Recuperar o sentido real da cidadania é a cura para uma sociedade doente

É uma noção que escapa ao entendimento diante de tantos comportamentos marginais, normalizados pela impunidade

Publicado em 11/07/2020 às 06h00
Atualizado em 11/07/2020 às 06h02
Mulher ofende fiscal da Prefeitura do Rio
Vídeo com casal ofendendo fiscal da Vigilância Sanitária do Rio viralizou na internet. Crédito: Reprodução/TV Globo / Estadão

A letra de “Senhor Cidadão”, canção de Tom Zé lá do início dos anos 70, manda alguns recados aos cidadãos de 2020. “Me diga por quê/Você anda tão triste/Não pode ter nenhum amigo/Na briga eterna do teu mundo/Tem que ferir ou ser ferido”. Versos que se encaixam perfeitamente aos impasses da vida em sociedade, visivelmente adoecida em suas relações contemporâneas. Ao passo de “cidadão” ser encarado como ofensa.

reação da engenheira química ao tratamento que o seu marido recebeu de um agente da Vigilância Sanitária do Rio, registrada pelas câmeras do Fantástico no último domingo, diz mais sobre o Brasil do que a mera carteirada explícita na frase “cidadão, não, engenheiro civil formado... melhor do que você”.

Palavras que refletem um modus operandi arraigado ao jogo social desde que os primeiros portugueses deram as caras por aqui.

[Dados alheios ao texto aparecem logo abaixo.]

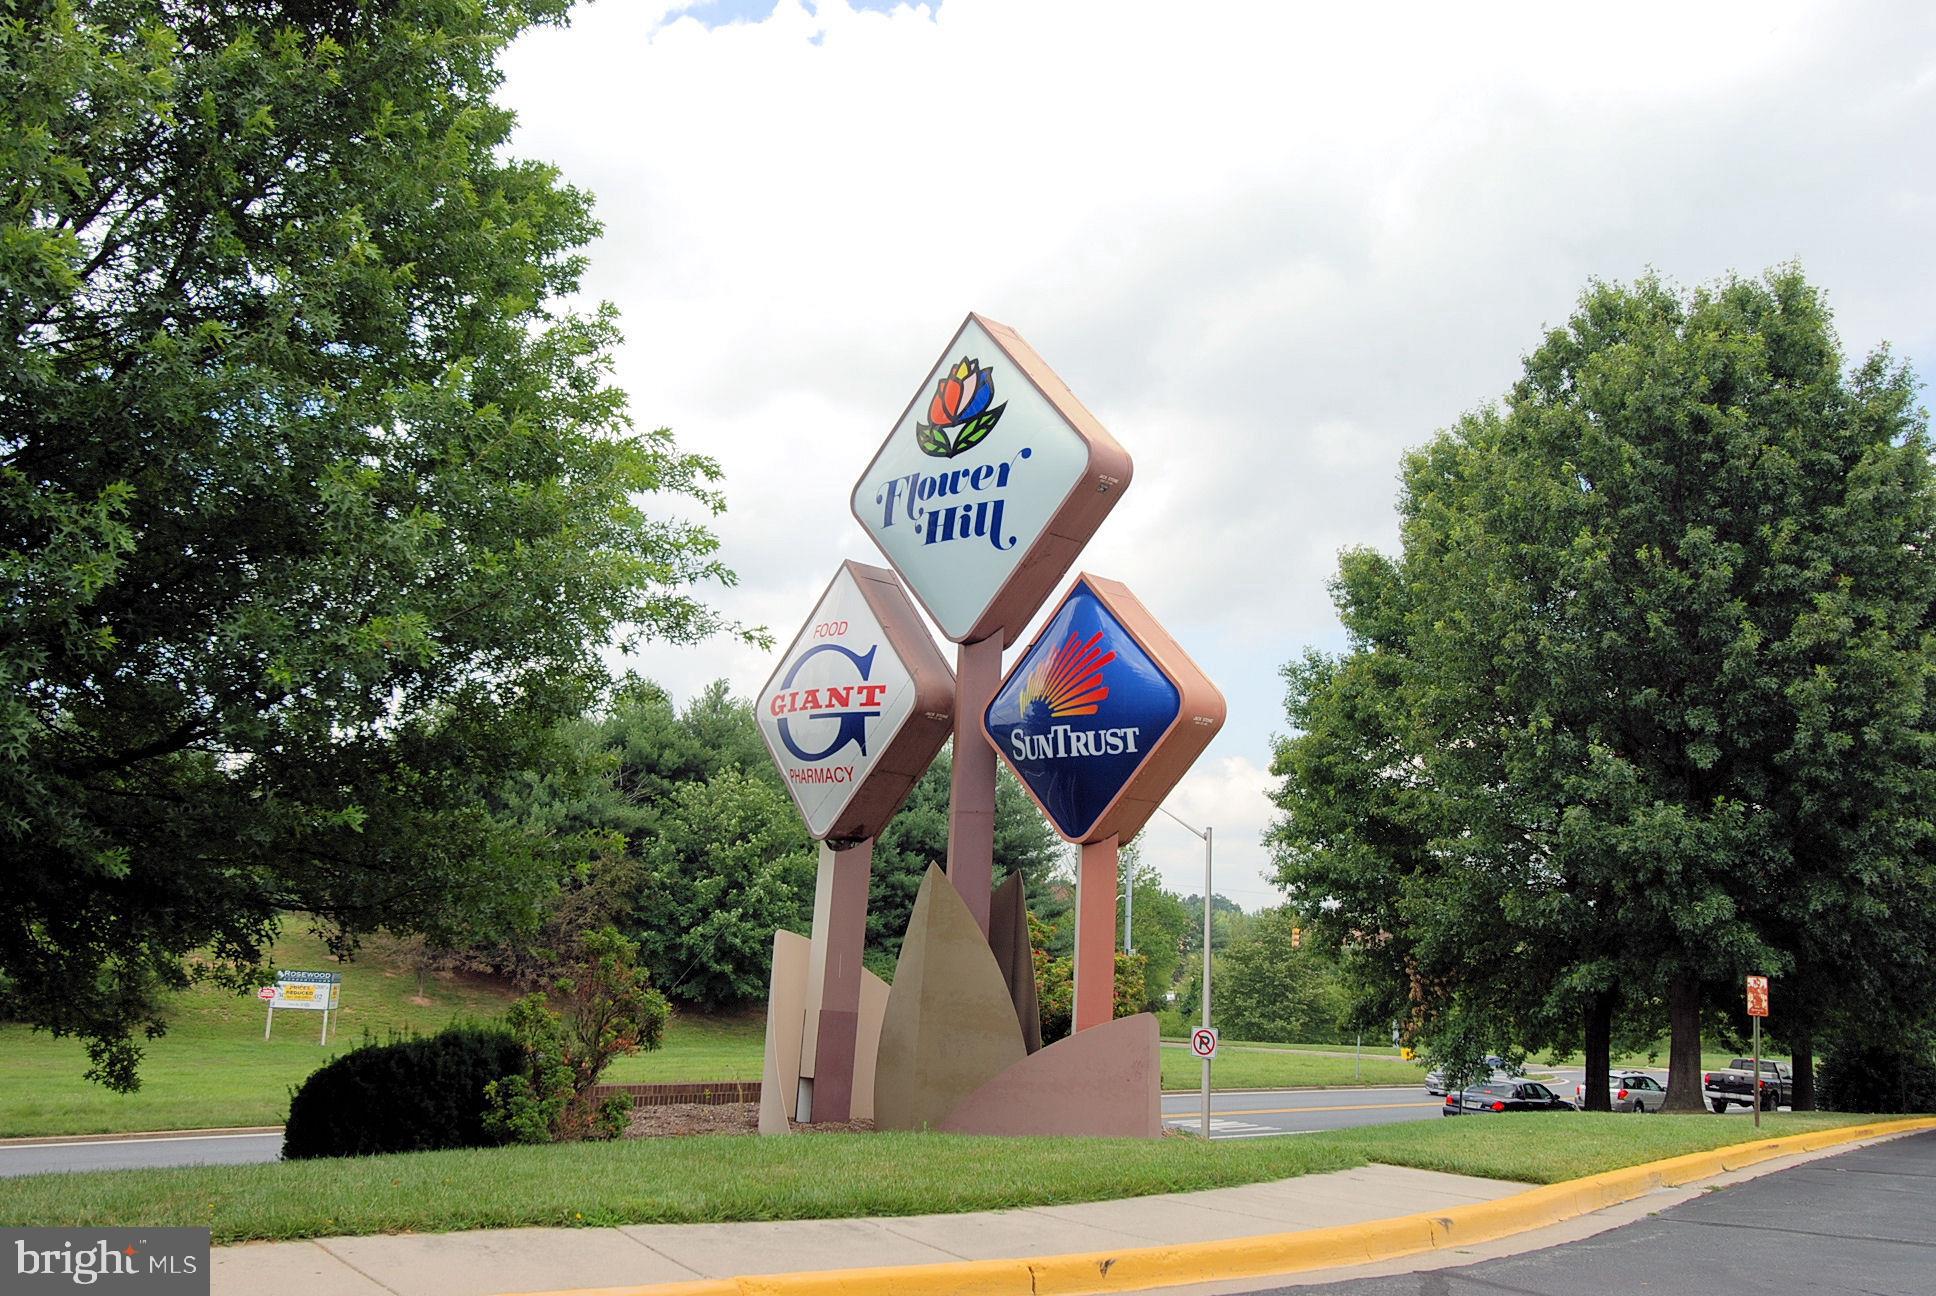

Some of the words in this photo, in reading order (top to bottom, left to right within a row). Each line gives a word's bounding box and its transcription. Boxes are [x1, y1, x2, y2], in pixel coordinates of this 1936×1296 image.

Certamente uma expressão a se igualar à manjada “você sabe com quem está falando?”.

O que há de mais novo é a própria perda de sentido do que é cidadania. Sintomático, portanto, que desde a última década tenha se tornado necessário acrescentar um reforço à palavra para que ela se ressignificasse: o cidadão de bem. Sem se dar conta de que “cidadão” deveria bastar para definir o indivíduo ciente de seus direitos e deveres e do seu papel definitivo na coesão social.

É uma noção que escapa ao entendimento diante de tantos comportamentos marginais, normalizados pela impunidade. E com uma carga de superioridade moral que acaba sempre derrapando nos deslizes considerados “menores”, como a corrupção do dia a dia.

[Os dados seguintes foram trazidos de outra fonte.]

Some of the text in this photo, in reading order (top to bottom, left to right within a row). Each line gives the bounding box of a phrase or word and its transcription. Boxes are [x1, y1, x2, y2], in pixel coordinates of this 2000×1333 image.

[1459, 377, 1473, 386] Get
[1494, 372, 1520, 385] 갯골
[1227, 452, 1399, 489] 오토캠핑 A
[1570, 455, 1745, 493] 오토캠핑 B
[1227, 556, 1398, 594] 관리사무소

Basta ver o volume de pagamentos indevidos do auxílio emergencial. Relatório do Tribunal de Contas da União (TCU) revelou que mais de 620 mil brasileiros receberam a ajuda governamental, criada para suavizar os efeitos econômicos da pandemia, sem terem direito ao benefício. É má-fé ancorada pelo próprio patrimonialismo, na maioria das vezes associado somente aos agentes públicos. O sentimento de que, por ser dinheiro público, o direito a ele é inalienável a qualquer cidadão. É possível falar em cidadania, nesse caso? De forma alguma.

Esse adoecimento social ganha outros contornos também com a distorção deliberada de que as fake news se enquadram na liberdade de expressão. Mentir descaradamente para manipular os incautos se tornou, para alguns, um direito do cidadão. Que cidadão é esse que defende tamanha arbitrariedade?

Não há cidadania com racismo e violência; qualquer tipo de discriminação torna os laços sociais mais frágeis. Não há cidadania com negligência, diante de uma criança que chora por sua mãe. Cidadania plena é ter voz e acesso a oportunidades, com responsabilidades na mesma medida. Recuperar seu real sentido tornou-se vital para a construção de uma sociedade mais saudável.